Problem description
Note the line where "this 1600×1200 image." appears in the data below; write it out exactly, along with every line that comes after it to the end.

Information given
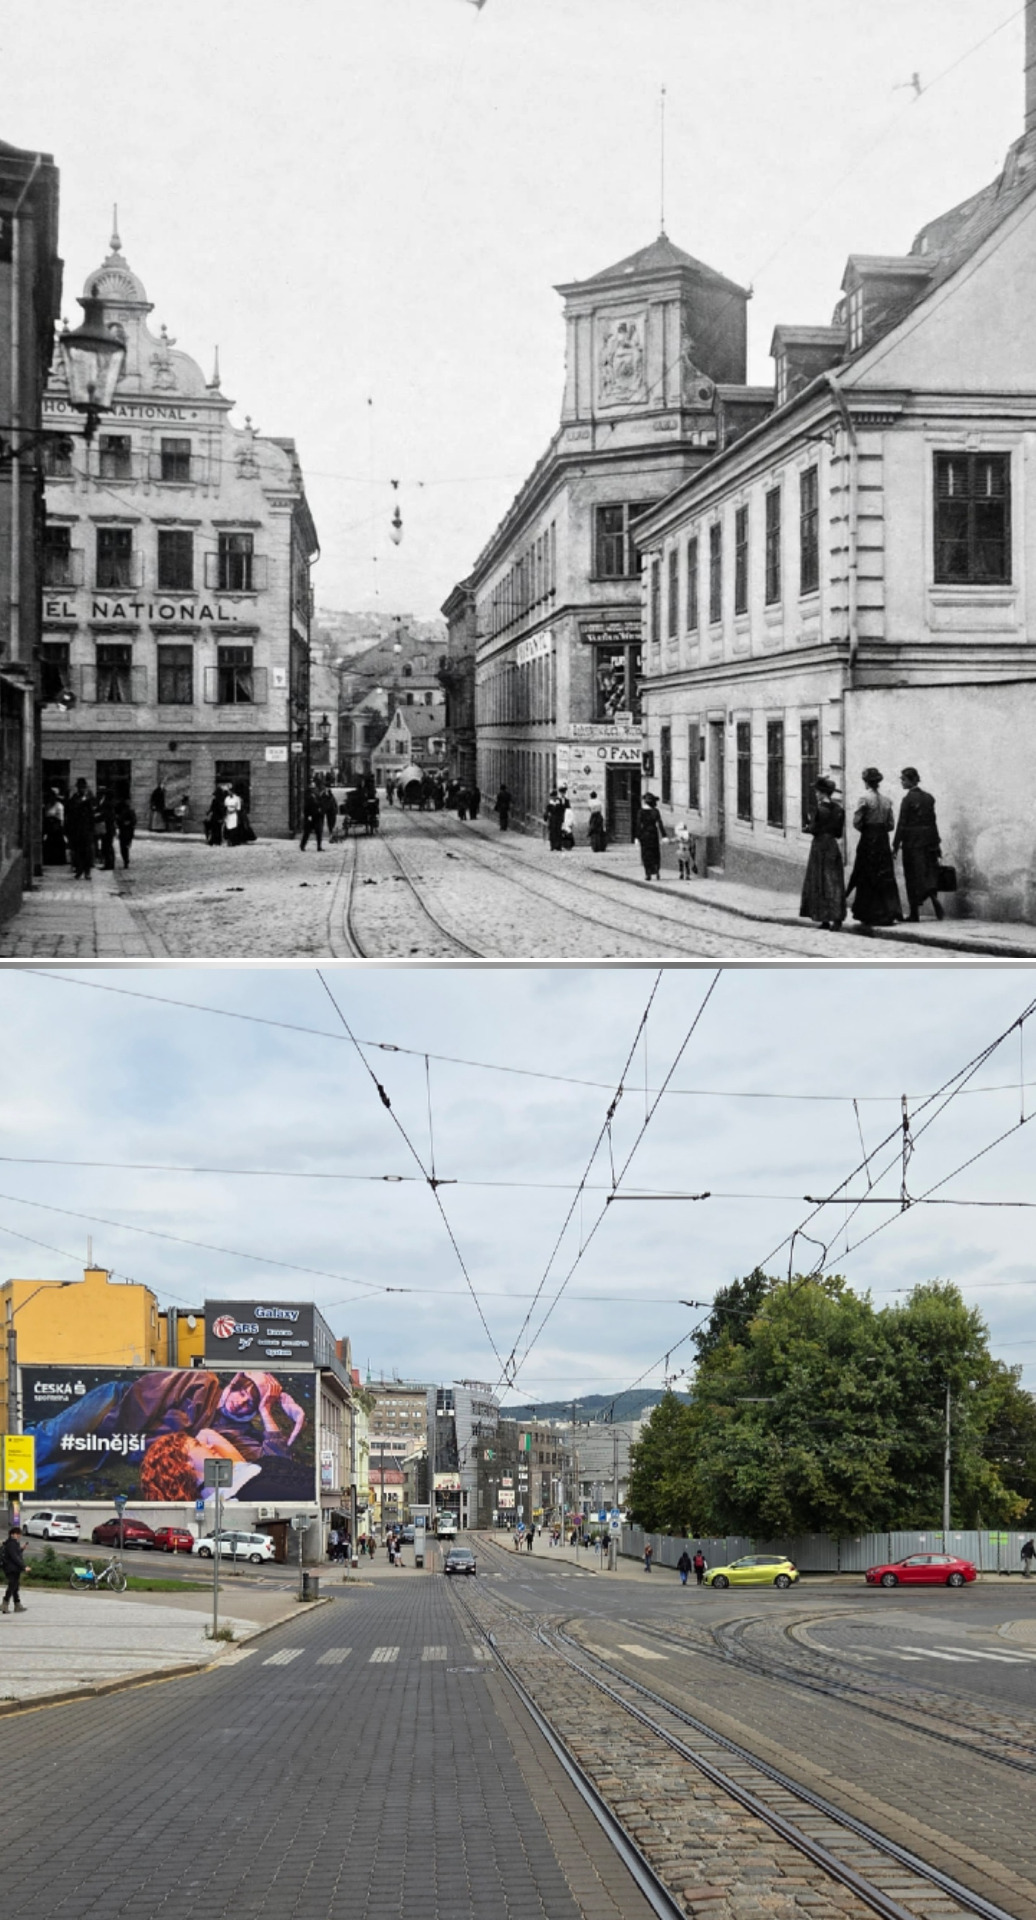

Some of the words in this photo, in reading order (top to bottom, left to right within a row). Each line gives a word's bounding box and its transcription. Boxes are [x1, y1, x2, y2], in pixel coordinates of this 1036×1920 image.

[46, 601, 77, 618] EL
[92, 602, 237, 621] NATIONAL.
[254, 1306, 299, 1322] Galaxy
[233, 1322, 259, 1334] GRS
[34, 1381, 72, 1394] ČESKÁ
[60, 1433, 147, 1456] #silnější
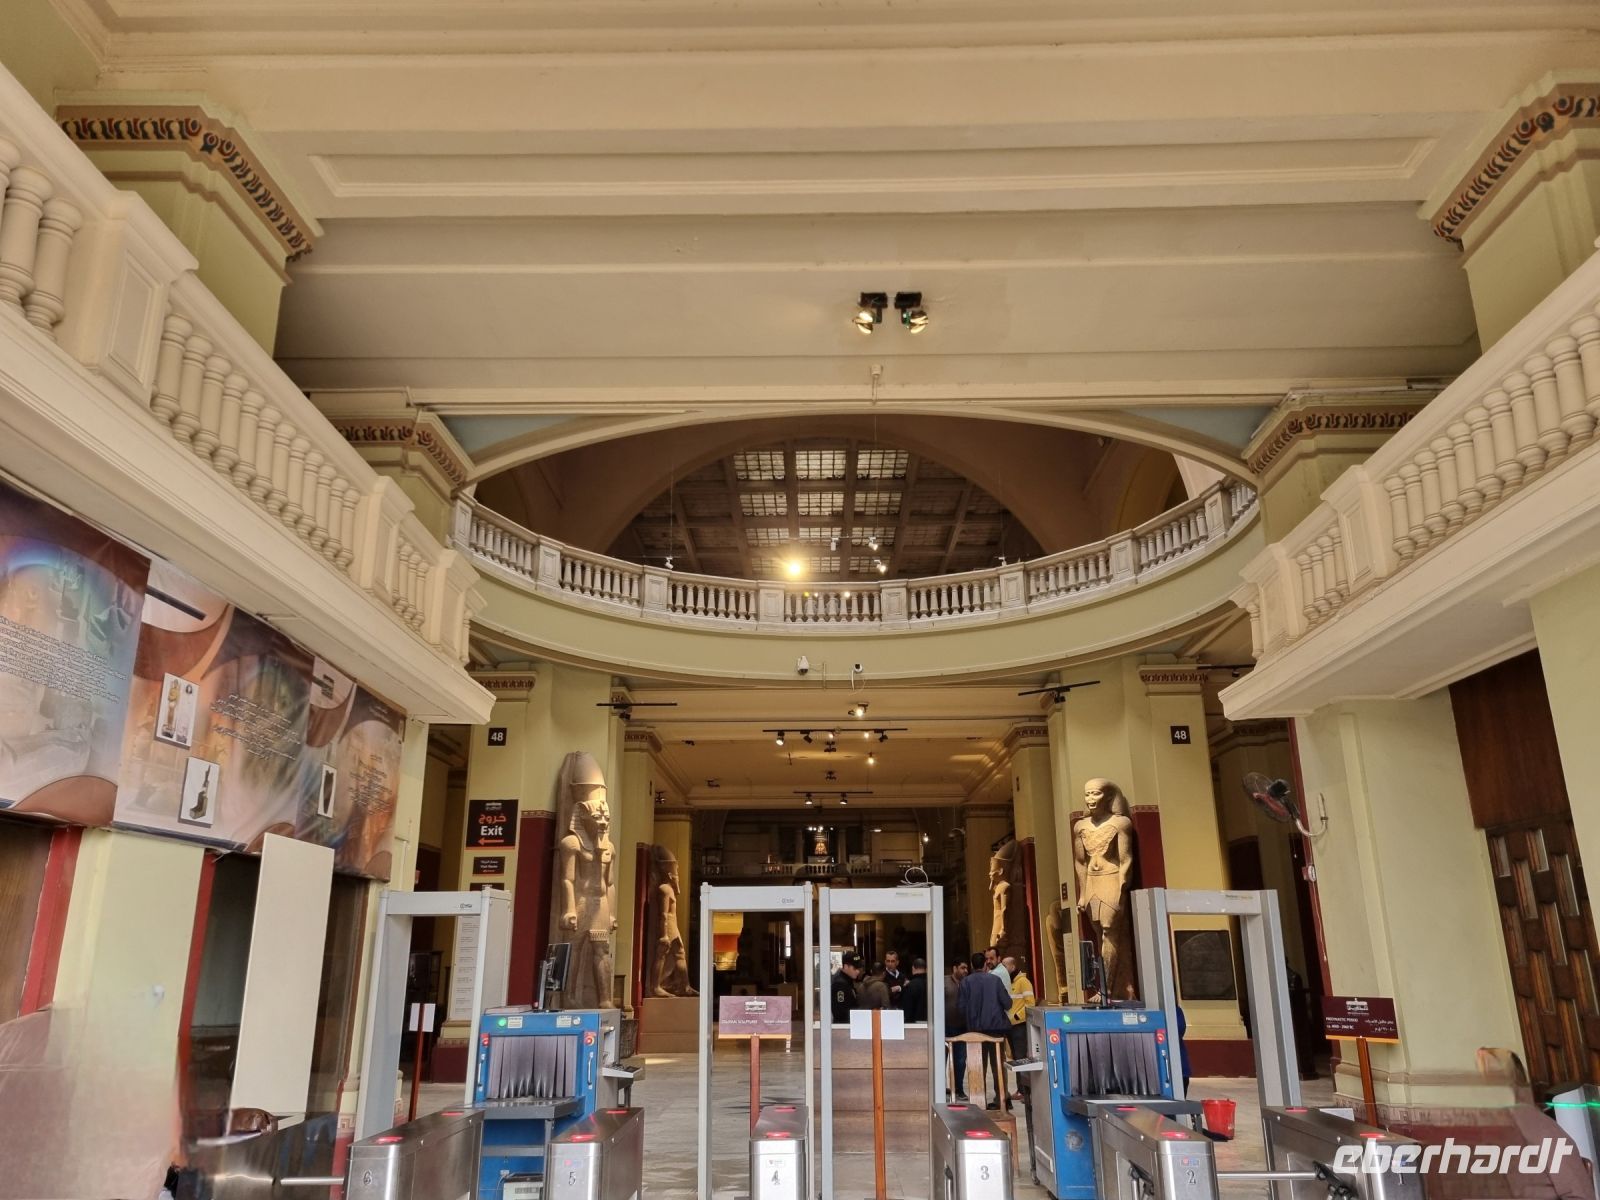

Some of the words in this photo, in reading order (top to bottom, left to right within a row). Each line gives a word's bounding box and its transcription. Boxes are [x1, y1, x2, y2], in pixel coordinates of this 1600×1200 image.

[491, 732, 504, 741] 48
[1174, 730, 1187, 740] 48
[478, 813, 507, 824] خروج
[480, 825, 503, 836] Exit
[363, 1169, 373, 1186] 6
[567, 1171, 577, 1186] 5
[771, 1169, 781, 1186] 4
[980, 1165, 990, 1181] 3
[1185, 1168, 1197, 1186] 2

Response area
Some of the words in this photo, in reading order (top to bottom, left to right within a row). Each line gives a word's bounding box and its transcription. Boxes are [x1, y1, x2, y2], in pixel coordinates of this 1600×1200 image.

[491, 732, 504, 741] 48
[1174, 730, 1187, 740] 48
[478, 813, 507, 824] خروج
[480, 825, 503, 836] Exit
[363, 1169, 373, 1186] 6
[567, 1171, 577, 1186] 5
[771, 1169, 781, 1186] 4
[980, 1165, 990, 1181] 3
[1185, 1168, 1197, 1186] 2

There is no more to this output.